Les vacances sont terminées pour Marie Plourde. La conseillère du Plateau-Mont-Royal rentre de son « schack », comme elle l’appelle, un chalet situé non loin de la réserve faunique de Papineau-Labelle que son « chum » tente de rénover tant bien que mal. « Disons qu’il expérimente et qu’il y a eu quelques essais-erreurs », dit-elle.

Comme beaucoup, j’étais persuadé que Marie Plourde allait se présenter à la mairie du Plateau-Mont-Royal lors de l’élection partielle, qui aura lieu en octobre prochain. Devant une limonade salvatrice lors d’un jour de canicule, elle m’a expliqué pourquoi elle a souhaité passer son tour.

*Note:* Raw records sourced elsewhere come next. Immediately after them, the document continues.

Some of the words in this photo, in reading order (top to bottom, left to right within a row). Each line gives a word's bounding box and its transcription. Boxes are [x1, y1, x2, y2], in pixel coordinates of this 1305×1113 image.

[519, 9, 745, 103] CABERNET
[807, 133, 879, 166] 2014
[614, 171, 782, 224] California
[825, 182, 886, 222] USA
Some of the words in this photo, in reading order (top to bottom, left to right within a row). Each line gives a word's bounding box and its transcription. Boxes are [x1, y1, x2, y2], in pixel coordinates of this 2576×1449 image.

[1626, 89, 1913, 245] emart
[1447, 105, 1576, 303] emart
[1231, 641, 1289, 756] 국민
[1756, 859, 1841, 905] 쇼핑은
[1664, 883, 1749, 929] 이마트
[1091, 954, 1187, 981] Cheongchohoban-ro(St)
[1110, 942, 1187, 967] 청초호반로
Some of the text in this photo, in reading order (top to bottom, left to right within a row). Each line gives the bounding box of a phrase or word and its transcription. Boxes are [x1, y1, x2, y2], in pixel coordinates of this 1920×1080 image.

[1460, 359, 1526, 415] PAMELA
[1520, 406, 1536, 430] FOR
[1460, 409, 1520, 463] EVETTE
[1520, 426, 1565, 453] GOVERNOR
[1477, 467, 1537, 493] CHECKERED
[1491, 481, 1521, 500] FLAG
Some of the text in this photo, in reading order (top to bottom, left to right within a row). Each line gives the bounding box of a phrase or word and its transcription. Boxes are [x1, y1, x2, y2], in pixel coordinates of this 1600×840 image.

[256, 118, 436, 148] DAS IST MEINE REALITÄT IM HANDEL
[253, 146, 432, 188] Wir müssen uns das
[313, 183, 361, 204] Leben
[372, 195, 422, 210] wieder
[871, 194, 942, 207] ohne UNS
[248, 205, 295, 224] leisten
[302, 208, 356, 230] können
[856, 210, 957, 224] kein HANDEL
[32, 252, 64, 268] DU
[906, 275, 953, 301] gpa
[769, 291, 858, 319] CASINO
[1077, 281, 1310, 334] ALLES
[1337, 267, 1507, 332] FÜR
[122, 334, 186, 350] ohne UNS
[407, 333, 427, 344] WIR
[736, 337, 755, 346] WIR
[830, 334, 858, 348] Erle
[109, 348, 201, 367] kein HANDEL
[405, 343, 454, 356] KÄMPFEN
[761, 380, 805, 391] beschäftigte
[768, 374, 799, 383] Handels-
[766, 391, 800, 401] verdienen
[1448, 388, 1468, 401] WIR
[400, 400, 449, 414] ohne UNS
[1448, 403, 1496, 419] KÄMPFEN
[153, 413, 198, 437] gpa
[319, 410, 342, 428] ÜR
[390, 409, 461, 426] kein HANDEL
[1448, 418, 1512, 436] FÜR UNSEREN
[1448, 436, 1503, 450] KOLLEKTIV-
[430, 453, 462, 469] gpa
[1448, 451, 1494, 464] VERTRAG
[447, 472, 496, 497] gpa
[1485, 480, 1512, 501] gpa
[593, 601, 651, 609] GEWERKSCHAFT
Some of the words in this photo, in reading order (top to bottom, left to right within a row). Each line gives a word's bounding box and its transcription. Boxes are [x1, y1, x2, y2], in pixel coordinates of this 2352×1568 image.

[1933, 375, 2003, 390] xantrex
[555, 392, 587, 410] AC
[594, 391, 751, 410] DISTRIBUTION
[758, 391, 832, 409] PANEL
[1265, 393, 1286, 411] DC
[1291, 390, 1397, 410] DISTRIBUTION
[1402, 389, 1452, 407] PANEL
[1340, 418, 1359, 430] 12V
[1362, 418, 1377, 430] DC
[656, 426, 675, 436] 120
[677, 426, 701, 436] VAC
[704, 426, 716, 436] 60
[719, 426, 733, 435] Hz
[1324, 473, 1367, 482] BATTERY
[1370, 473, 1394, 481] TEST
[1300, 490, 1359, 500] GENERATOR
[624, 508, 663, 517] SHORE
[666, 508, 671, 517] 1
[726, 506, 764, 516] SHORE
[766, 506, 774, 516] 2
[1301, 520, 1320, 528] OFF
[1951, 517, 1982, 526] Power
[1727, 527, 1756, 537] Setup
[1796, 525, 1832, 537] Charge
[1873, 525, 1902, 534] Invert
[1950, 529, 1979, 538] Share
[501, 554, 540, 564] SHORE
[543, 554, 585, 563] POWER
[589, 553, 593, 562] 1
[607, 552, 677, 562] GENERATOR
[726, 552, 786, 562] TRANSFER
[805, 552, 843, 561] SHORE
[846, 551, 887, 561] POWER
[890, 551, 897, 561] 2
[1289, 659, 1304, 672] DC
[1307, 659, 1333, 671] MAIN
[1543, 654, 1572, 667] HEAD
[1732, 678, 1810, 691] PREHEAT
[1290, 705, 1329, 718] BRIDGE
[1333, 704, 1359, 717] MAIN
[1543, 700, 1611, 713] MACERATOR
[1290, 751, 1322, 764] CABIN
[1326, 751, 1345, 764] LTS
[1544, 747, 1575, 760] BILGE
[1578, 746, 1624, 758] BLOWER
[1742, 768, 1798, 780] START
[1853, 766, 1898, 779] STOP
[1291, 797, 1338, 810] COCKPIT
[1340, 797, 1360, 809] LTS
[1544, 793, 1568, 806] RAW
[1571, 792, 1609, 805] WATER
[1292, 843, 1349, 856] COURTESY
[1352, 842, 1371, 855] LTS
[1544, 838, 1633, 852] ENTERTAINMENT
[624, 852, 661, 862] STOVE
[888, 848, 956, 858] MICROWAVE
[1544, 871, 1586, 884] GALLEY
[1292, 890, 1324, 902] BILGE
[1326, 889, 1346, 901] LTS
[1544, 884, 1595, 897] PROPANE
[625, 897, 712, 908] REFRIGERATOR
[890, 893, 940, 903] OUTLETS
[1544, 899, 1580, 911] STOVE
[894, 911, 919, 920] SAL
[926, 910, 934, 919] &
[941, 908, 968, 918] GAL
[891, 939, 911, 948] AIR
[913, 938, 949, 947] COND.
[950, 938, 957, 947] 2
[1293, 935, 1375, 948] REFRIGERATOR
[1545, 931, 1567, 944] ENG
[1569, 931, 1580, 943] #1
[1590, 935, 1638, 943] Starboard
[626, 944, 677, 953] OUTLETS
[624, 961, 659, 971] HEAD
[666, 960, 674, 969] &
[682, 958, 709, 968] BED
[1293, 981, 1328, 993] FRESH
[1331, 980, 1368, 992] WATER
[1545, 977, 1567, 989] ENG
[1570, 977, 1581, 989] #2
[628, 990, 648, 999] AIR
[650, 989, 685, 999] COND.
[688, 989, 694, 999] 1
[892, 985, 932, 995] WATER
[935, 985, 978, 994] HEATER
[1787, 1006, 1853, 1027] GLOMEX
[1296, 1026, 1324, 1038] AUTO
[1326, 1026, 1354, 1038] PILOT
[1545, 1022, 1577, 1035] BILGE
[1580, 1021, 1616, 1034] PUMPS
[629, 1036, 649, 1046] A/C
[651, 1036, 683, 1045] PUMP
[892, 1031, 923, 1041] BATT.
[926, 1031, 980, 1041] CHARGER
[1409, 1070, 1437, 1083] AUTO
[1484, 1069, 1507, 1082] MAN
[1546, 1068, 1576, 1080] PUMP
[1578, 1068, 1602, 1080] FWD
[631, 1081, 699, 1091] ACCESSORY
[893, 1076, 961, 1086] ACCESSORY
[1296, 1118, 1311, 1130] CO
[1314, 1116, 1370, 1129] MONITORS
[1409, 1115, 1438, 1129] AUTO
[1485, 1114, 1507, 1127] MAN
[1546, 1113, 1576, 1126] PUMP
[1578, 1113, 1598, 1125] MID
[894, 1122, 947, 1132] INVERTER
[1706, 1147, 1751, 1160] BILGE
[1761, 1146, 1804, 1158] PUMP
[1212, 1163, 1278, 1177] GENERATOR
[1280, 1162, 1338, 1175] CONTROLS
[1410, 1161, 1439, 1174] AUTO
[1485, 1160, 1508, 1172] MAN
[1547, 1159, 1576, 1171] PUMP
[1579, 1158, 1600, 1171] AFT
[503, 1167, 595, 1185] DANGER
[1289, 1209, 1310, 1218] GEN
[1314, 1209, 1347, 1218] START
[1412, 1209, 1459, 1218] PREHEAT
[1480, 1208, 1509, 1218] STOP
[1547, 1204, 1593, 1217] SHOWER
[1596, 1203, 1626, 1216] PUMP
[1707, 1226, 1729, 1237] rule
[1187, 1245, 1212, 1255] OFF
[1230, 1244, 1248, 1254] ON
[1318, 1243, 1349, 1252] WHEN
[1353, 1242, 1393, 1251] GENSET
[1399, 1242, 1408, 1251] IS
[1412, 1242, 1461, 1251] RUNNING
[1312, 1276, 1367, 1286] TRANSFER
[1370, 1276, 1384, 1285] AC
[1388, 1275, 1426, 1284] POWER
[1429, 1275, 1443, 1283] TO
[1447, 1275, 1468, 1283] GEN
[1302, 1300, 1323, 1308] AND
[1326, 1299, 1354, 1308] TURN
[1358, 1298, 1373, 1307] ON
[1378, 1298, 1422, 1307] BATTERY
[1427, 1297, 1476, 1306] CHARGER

« Cette décision est quelque chose de typiquement féminin… J’y ai pensé, mais je me suis dit que je n’étais pas prête. D’abord, ma fille est encore petite. En plus, j’ai toujours eu cette crainte de ne pas bien faire les choses. Et pour être à la mairie du Plateau, il faut bien faire les choses. Si Luc avait annoncé son départ pour 2020 ou 2021, j’aurais peut-être plongé. »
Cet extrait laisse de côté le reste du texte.